### TASK DESCRIPTION
Copy every line of the data exactly, keeping out any picture.

(Beginning of EXCERPTED RECORDS)

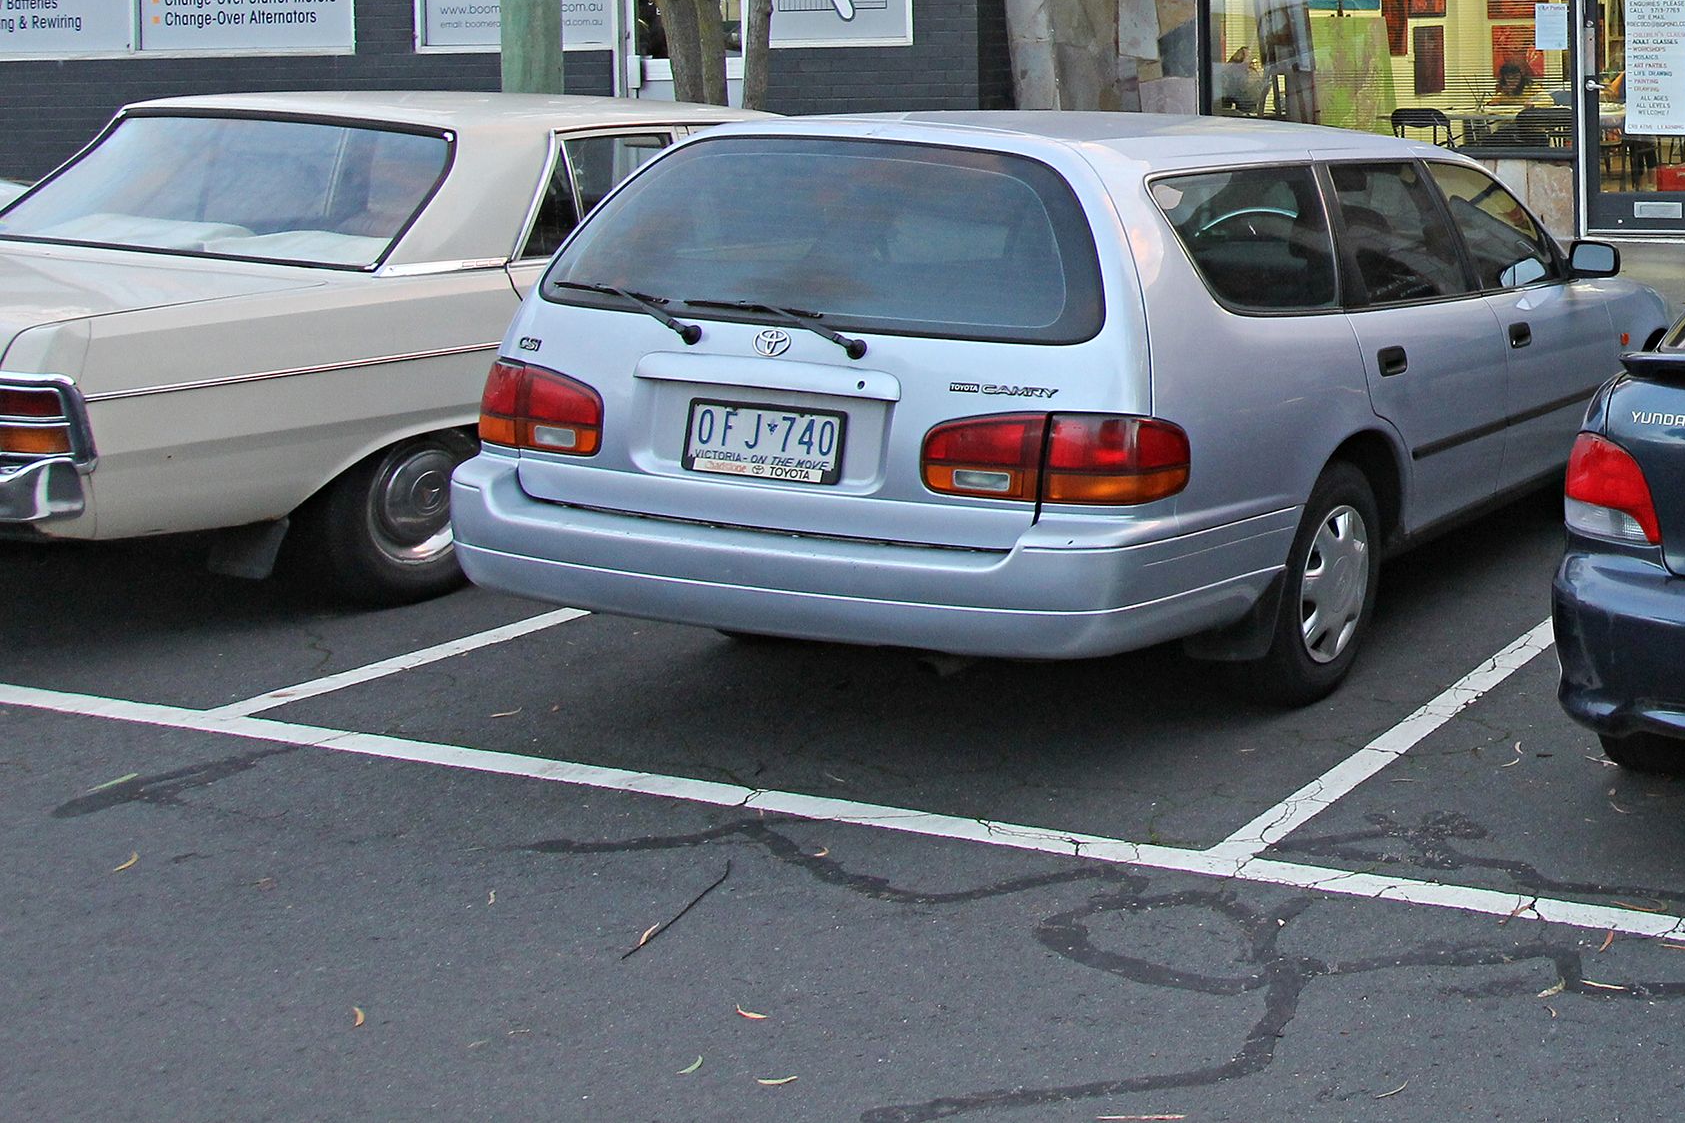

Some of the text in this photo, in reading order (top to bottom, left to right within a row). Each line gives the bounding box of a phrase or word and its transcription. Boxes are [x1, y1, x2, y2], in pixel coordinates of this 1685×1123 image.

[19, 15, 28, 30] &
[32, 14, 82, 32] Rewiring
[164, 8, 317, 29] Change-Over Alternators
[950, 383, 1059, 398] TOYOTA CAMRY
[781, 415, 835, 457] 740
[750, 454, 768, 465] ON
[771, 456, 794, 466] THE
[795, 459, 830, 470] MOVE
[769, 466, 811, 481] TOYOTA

(End of EXCERPTED RECORDS)

### EXPECTED OUTPUT
Some of the text in this photo, in reading order (top to bottom, left to right within a row). Each line gives the bounding box of a phrase or word and its transcription. Boxes are [x1, y1, x2, y2], in pixel coordinates of this 1685×1123 image.

[19, 15, 28, 30] &
[32, 14, 82, 32] Rewiring
[164, 8, 317, 29] Change-Over Alternators
[950, 383, 1059, 398] TOYOTA CAMRY
[781, 415, 835, 457] 740
[750, 454, 768, 465] ON
[771, 456, 794, 466] THE
[795, 459, 830, 470] MOVE
[769, 466, 811, 481] TOYOTA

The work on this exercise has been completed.